Agroalimentaire,
cosmétiques, industrie pharmaceutique, agriculture, textile sont
quelques-uns des secteurs d'activité à avoir recours aux algues.
Filière traditionnelle du Finistère, l'algue est au carrefour de
nombreux marchés. Suivant les secteurs d'activité, sa percée demeure
variable et des efforts de recherches restent à réaliser. Mais sur de
nombreuses niches, la haute technicité laisse l'espoir d'un
développement futur. En cosmétique, le marché s'est élargi. En
revanche, l'algue alimentaire peine à s'imposer dans les assiettes. Et
la question de la durabilité de la ressource se pose alors que les
industriels commencent à importer des algues d'Asie.
Margarines
allégées, confiseries, préparations de sauces, crèmes glacées, nappages
de pâtisseries, pansements pharmaceutiques, cosmétiques, pâtes
alimentaires, empreintes dentaires, intrants agricoles... Les algues
sont partout. Elles sont même utilisées dans le secteur du textile,
pour fixer les impressions. Concentrée en Bretagne, cette filière
traditionnelle du Finistère recouvre de nombreux métiers. La vague des
cosmétiques marins occupe plus d'une centaine de PME dans la région.

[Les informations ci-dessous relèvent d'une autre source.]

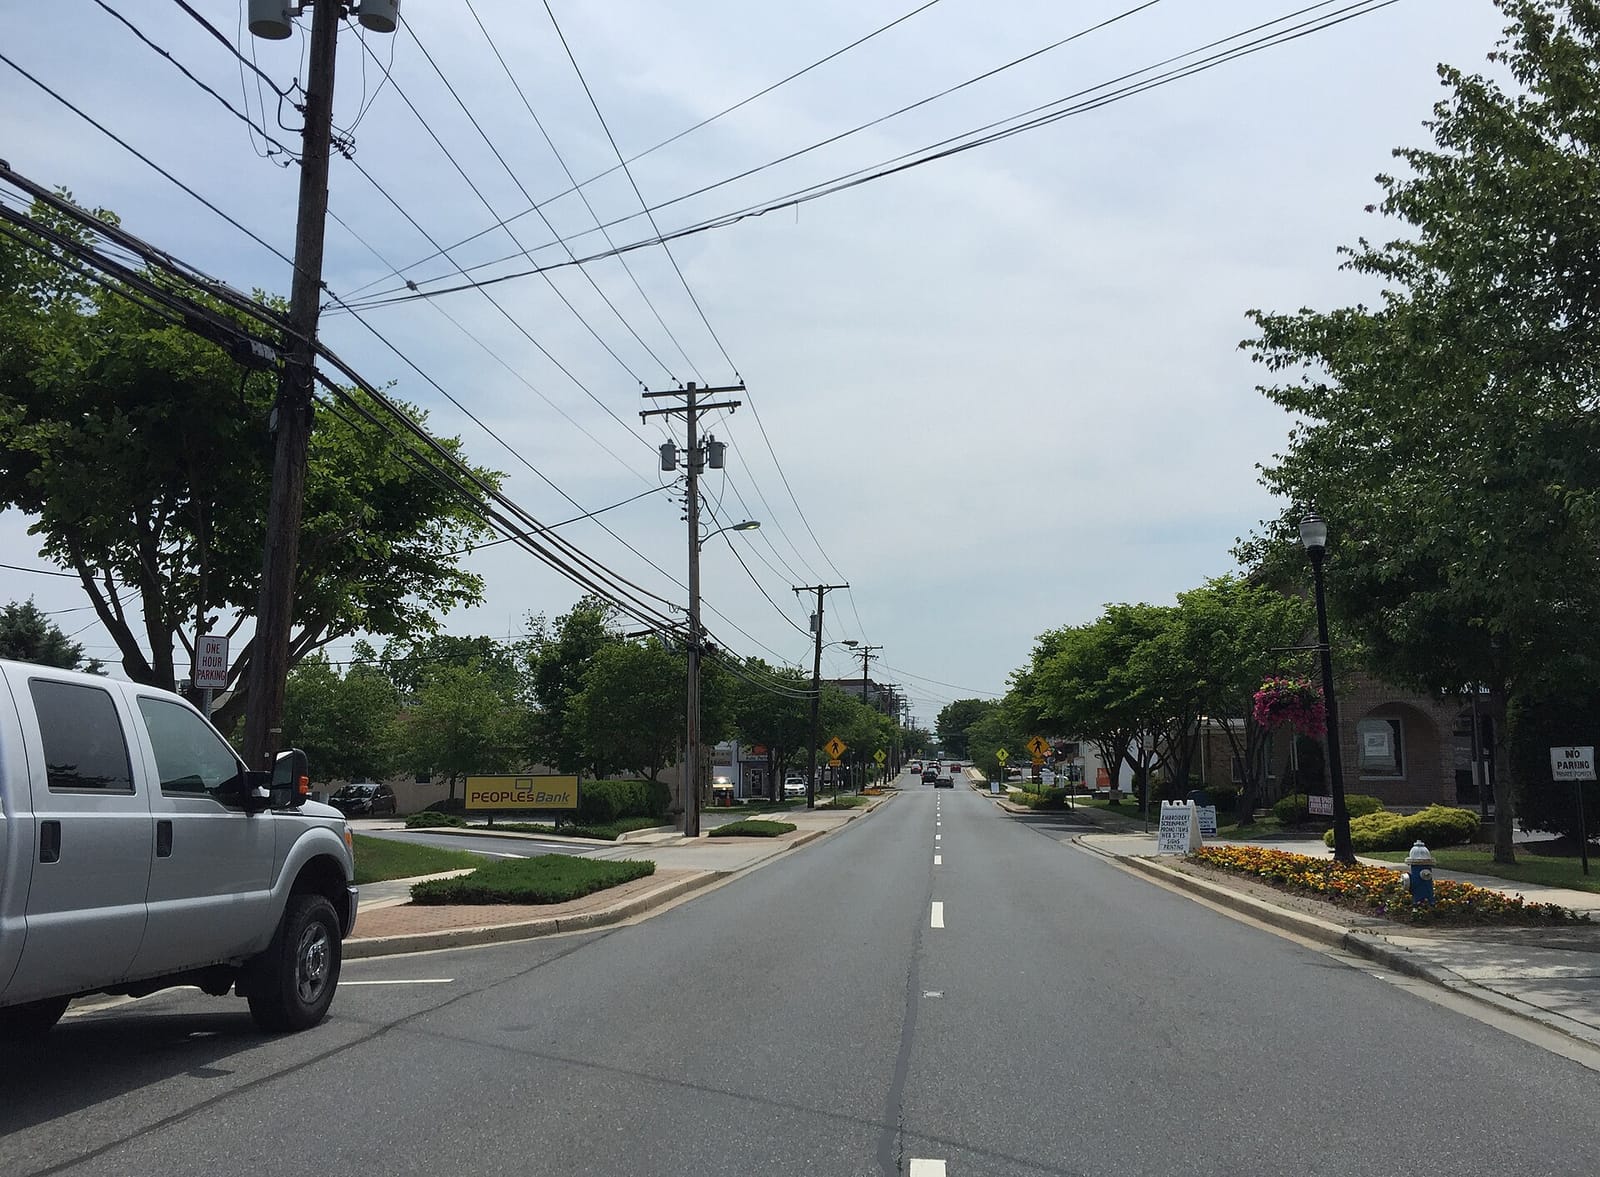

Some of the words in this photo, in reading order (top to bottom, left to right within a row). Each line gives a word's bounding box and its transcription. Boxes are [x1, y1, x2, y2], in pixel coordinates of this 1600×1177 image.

[206, 643, 221, 654] ONE
[202, 656, 222, 667] HOUR
[197, 670, 226, 680] PARKING
[1565, 750, 1580, 758] NO
[1557, 761, 1590, 770] PARKING
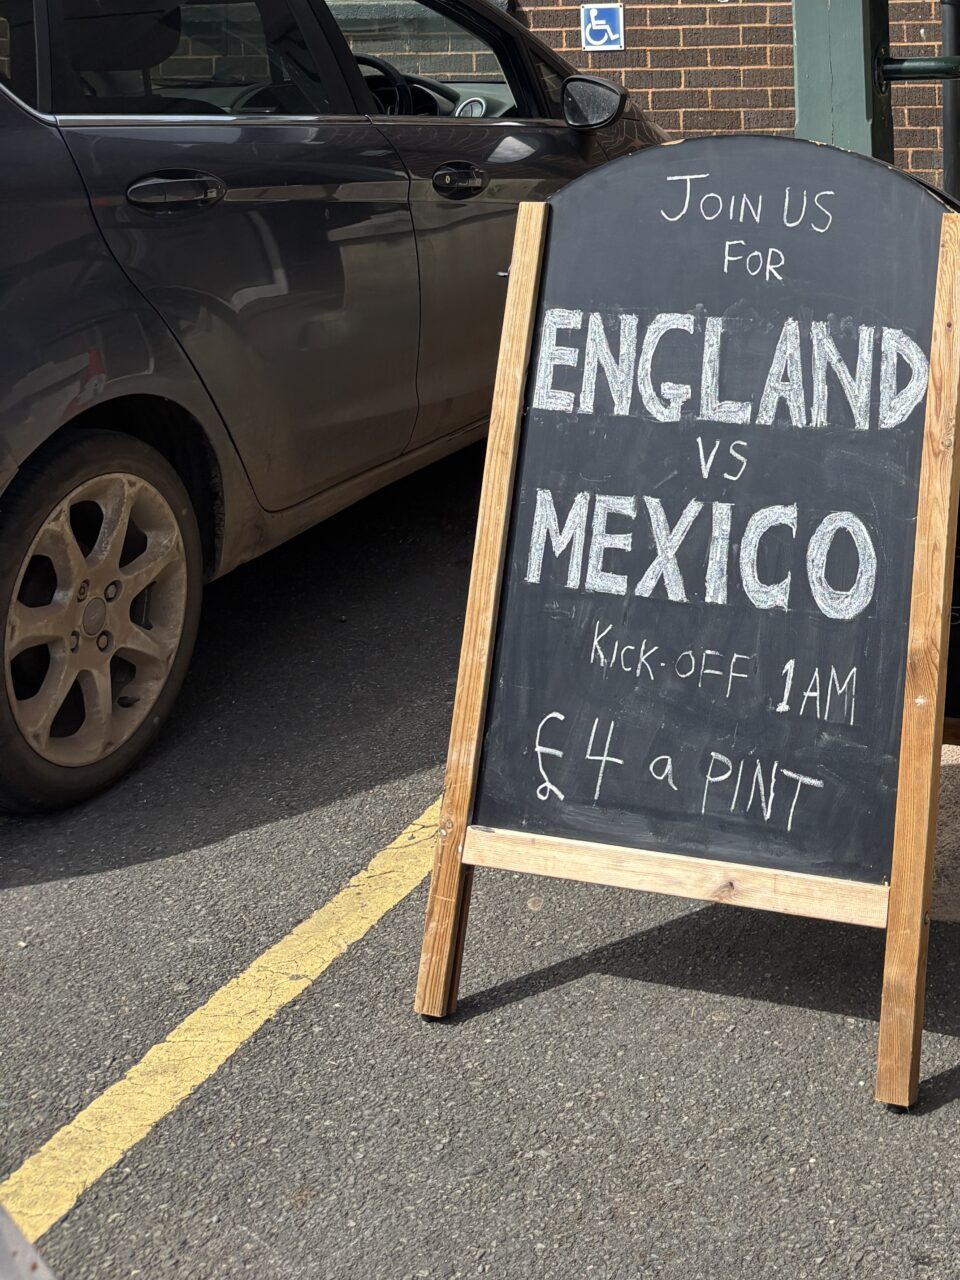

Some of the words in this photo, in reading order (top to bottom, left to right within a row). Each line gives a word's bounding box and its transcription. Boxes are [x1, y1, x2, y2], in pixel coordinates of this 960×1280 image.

[660, 173, 763, 224] JOIN
[783, 186, 836, 233] US
[723, 239, 785, 282] FOR
[531, 308, 930, 430] ENGLAND
[696, 435, 749, 481] VS
[523, 487, 878, 620] MEXICO
[775, 658, 857, 726] 1AM
[649, 755, 678, 791] a
[700, 751, 824, 832] PINT

Utilisés par les spa et les thalassothérapies, les actifs marins se
sont progressivement étendus au marché des particuliers. Des
entreprises comme Sciences et Mer au Relecq-Kerhuon, Agrimer à
Plouguerneau ou Lessonia à Landerneau collaborent ainsi avec de grands
noms de la beauté français et étrangers.
Deux grands alginatiers en Finistère
C'est
aussi en Finistère que l'on trouve les deux grands alginatiers français
: Cargill à Lannilis et Danisco à Landerneau. À partir des laminaires,
ils alimentent l'industrie en texturant et en épaississant. Car les
"laminaria digitata" et "hyperboréa" que l'on trouve au fonds de la mer
d'Iroise ont des vertus gélifiantes. Erick Marec directeur de Danisco
évalue à 10 % la part de la production bretonne sur ce marché mondial
de niche, pour l'agroalimentaire et l'industrie pharmaceutique.
40.000 à 70.000 tonnes
En
Finistère, 48 bateaux goémoniers, les « scoubidous », entortillent les
laminaires autour d'un crochet surmonté d'un bras hydraulique. Ils
arpentent les côtes finistériennes et sillonnent l'archipel de Molène.

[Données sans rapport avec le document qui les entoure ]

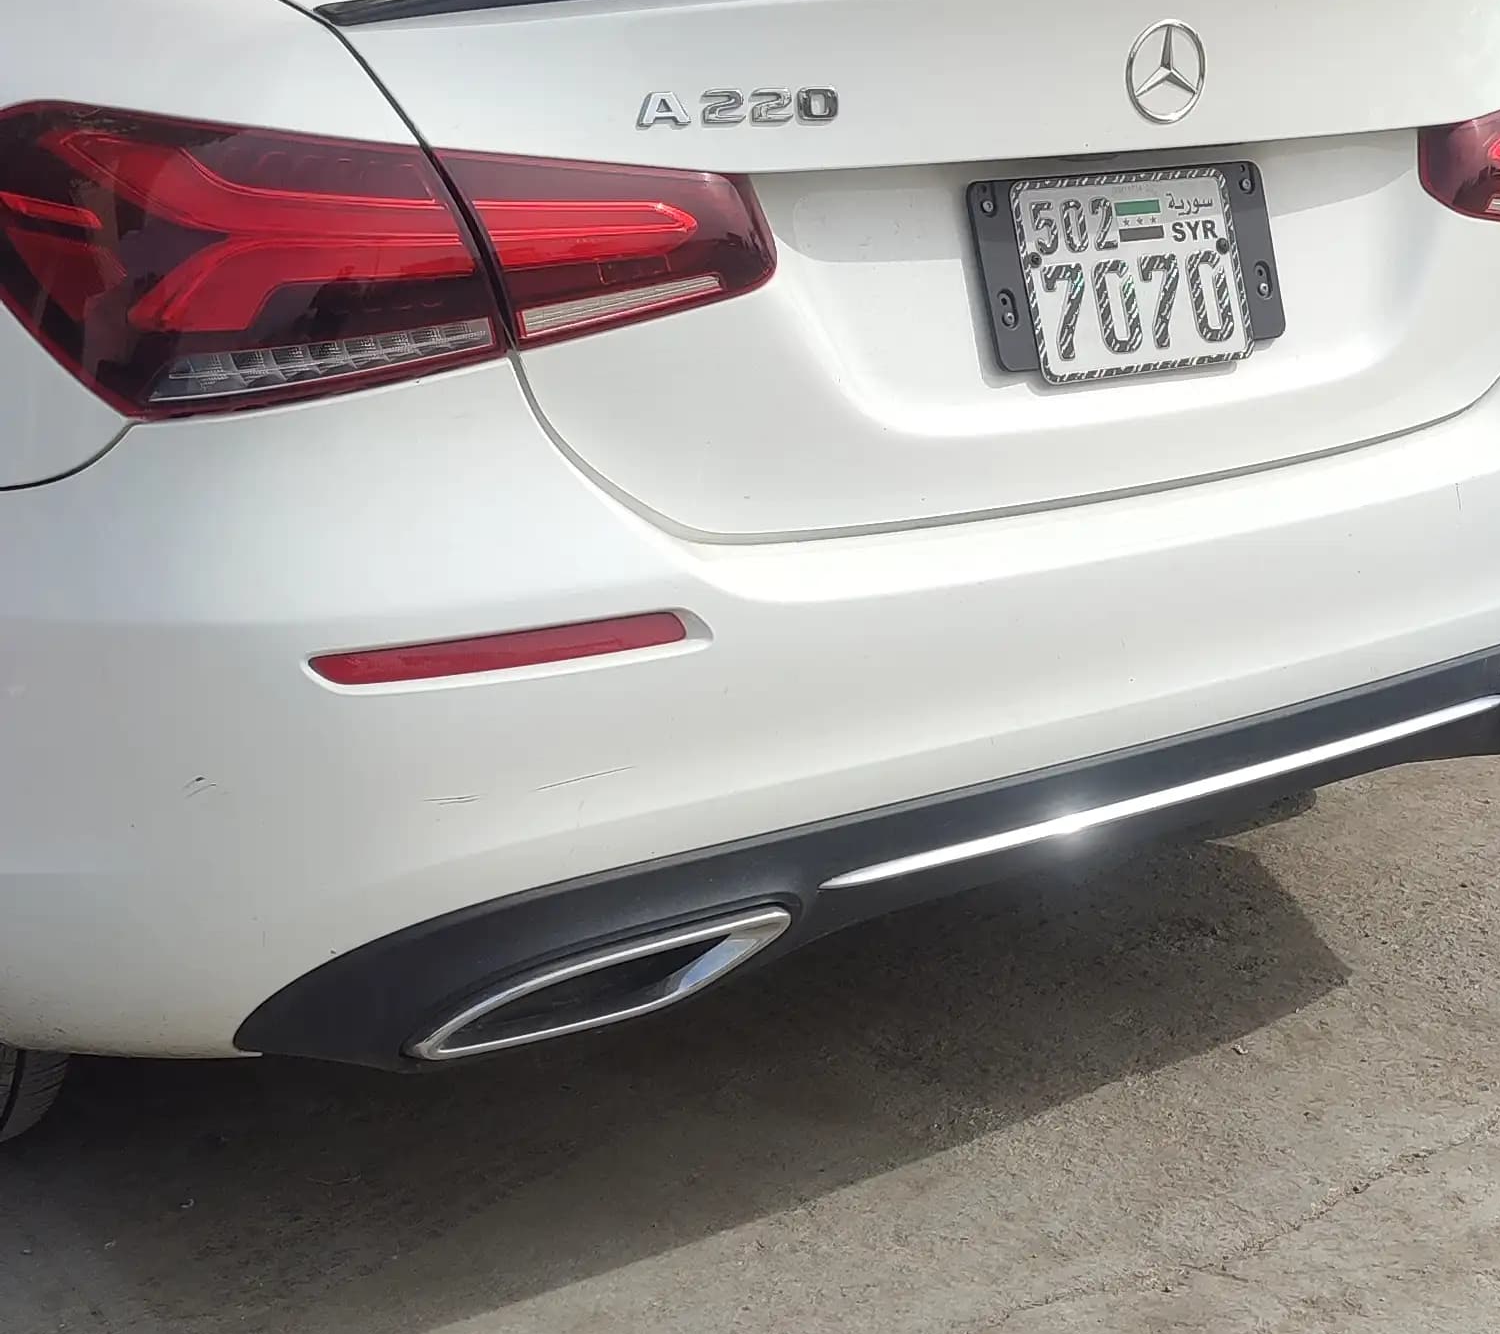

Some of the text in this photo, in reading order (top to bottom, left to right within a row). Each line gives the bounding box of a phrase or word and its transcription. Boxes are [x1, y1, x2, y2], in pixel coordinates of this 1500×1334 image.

[1165, 192, 1214, 216] سورية
[1028, 196, 1121, 254] 502
[1171, 220, 1219, 244] SYR
[1039, 249, 1237, 361] 7070

Chaque année, 40.000 à 70.000 tonnes d'algues sont extraites. La
période de pêche, de mai à octobre, donne lieu à d'intenses
négociations entre les pêcheurs, les industriels et l'Ifremer chargée
de contrôler la pérennité de la ressource.
Mer d'Iroise : les conditions favorables
Les
professionnels ne sont pas les seuls à la ponctionner. La "cueillette
sauvage" sur l'estran les jours de grande marée est encore usuelle. Les
particuliers l'étendent dans leur jardin pour enrichir la terre. Des
industriels comme Goëmar à Saint-Malo ou Agrimer à Plouguerneau se sont
inspirés de cette recette de grand-mère très ancienne pour créer des
biostimulants foliaires à base d'algues. Ils servent à fabriquer des
engrais liquides pulvérisés par exemple sur les arbres fruitiers ou les
vignes. Leur absorption aide les plantes à lutter contre le stress des
variations de température. C'est justement ce stress généré par le
marnage, les courants et la loupe d'eau froide en mer d'Iroise qui fait
la richesse de l'algue en Bretagne. On évalue à 800 le nombre d'espèces
sur les côtes bretonnes. Une partie des entreprises finistérienne a
recours à des courtiers, ces particuliers en général à la retraite,
chargés de trouver « les bons coins ».
De plus en plus d'importation
Mais
certaines sociétés se plaignent de la raréfaction de la ressource.
Notamment dans l'algue alimentaire. La question de l'algoculture
commence à faire surface. Qualité, prix, quantité, incitent les
industriels à importer des algues de Chine et du Japon. La filière
asiatique n'a rien de comparable avec la nôtre. Même si la qualité,
notamment des algues chinoises est variable. « En France, l'algue est à
l'âge de pierre », estime Christine Le Tennier, directrice de Globe
Export à Rosporden, l'une des pionnières de l'algue alimentaire en
France. « Au Japon, il est courant de faire des repas entier avec des
algues ». Malgré sa richesse nutritive, celle-ci peine à s'imposer dans
les assiettes. Une question de culture, de marketing et de
structuration d'une filière au carrefour de nombreux marchés. Activité
typique du Finistère, l'algue cherche encore des débouchés et une
reconnaissance dans l'Hexagone et ailleurs.